Comments and Suggestions for Authors
  1. Line 31-33: The word order makes the beginning of this sentence unclear. Should likely be: “Reported outcomes included prevalence of UI and SUI…”
  2. Line 49: Edit “The conditions occur in both sexes, but are more common” OR “The conditions occurs in both sexes, but is more common”
  3. Line 74-76: Suggest removing this redundant sentence
  4. Line 262: define MPP acronym
  5. Line 312: seems unnecessary to introduce an acronym this late in the manuscript, especially when the phrase is used prior to this point (AIP).
  6. The PFM acronym is inconsistently used
  7. Line 294: One could question the use of pads as a viable solution in a sport where the standard attire is a leotard that would not be conducive to wearing a pad
  8. Line 353: Wouldn’t uniformity of methods (e.g., using the same survey) increase comparability between studies rather than limit comparability? I agree that the breadth of conclusions is reduced due to this factor, but comparability is actually improved.

Author Response

Thank you very much for your email and for providing the reviewer insightful comments. We are grateful for the constructive feedback, which has been extremely valuable in improving the clarity and overall quality of our manuscript.

In response, we have carefully revised the paper according to the reviewer suggestions and have addressed all points raised. We now kindly resubmit the revised version of the manuscript for your consideration.

We sincerely appreciate the reviewers’ and editorial team’s efforts and support throughout this process.

Comments:

Comments 1: [Line 31-33: The word order makes the beginning of this sentence unclear. Should likely be: “Reported outcomes included prevalence of UI and SUI…”]

Response 1: We thank the reviewer for this helpful comment. We fully agree with the observation regarding the word order, and we have revised the sentence accordingly. The text now reads: “Reported outcomes included prevalence of UI and SUI …” as suggested.

Comments 2: [Line 49: Edit “The conditions occur in both sexes, but are more common” OR “The conditions occurs in both sexes, but is more common”]

Response 2: We thank the reviewer for this valuable comment. We agree with the suggestion and have corrected the sentence accordingly.

Comments 3: [Line 74-76: Suggest removing this redundant sentence]

Response 3: We thank the reviewer for this observation. We fully agree that the sentence was redundant and have removed it from the manuscript as suggested.

Comments 4: [Line 262: define MPP acronym.]

Response 4: We thank the reviewer for this important observation. Indeed, there was an error in the nomenclature. The acronym should be PFM instead of MPP. We apologise for this mistake and have corrected it throughout the manuscript accordingly.

Comments 5:[Line 312: seems unnecessary to introduce an acronym this late in the manuscript, especially when the phrase is used prior to this point (AIP).]
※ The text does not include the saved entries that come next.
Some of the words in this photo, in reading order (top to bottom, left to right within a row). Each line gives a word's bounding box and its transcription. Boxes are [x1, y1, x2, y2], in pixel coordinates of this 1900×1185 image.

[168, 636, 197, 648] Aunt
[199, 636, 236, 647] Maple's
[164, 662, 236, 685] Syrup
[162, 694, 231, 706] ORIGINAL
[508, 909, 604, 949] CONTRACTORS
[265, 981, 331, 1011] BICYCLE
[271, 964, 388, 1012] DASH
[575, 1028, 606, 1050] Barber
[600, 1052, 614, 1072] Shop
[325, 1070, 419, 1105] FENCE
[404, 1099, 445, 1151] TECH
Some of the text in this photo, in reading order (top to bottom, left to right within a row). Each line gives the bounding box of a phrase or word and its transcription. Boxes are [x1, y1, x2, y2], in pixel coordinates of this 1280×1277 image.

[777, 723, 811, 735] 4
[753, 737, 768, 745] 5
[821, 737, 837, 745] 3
Response 5: We thank the reviewer for this comment. We fully agree that introducing the acronym at this point was unnecessary, especially as the phrase had been used earlier. The manuscript has been corrected accordingly.
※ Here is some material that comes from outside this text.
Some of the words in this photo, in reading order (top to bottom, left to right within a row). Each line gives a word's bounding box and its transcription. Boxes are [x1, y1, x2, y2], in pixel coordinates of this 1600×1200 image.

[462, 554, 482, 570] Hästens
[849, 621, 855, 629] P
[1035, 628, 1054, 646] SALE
Comments 6: [The PFM acronym is inconsistently used.]

Response 6: We thank the reviewer for this observation. We have addressed the inconsistency and have corrected the use of the PFM acronym throughout the manuscript.

Comments 7: [Line 294: One could question the use of pads as a viable solution in a sport where the standard attire is a leotard that would not be conducive to wearing a pad.]

Response 7: We thank the reviewer for raising this point. We understand the concern regarding the use of pads in a sport where the standard attire is a leotard. However, in practice, athletes do use these pads as a solution for managing urinary incontinence, and this has been clarified in the manuscript.

Comments 8: [Line 353: Wouldn’t uniformity of methods (e.g., using the same survey) increase comparability between studies rather than limit comparability? I agree that the breadth of conclusions is reduced due to this factor, but comparability is actually improved.]

Response 8: We thank the reviewer for this insightful comment. We fully agree that the uniformity of methods improves comparability between studies, while it may limit the breadth of conclusions. The manuscript has been revised accordingly to reflect this clarification.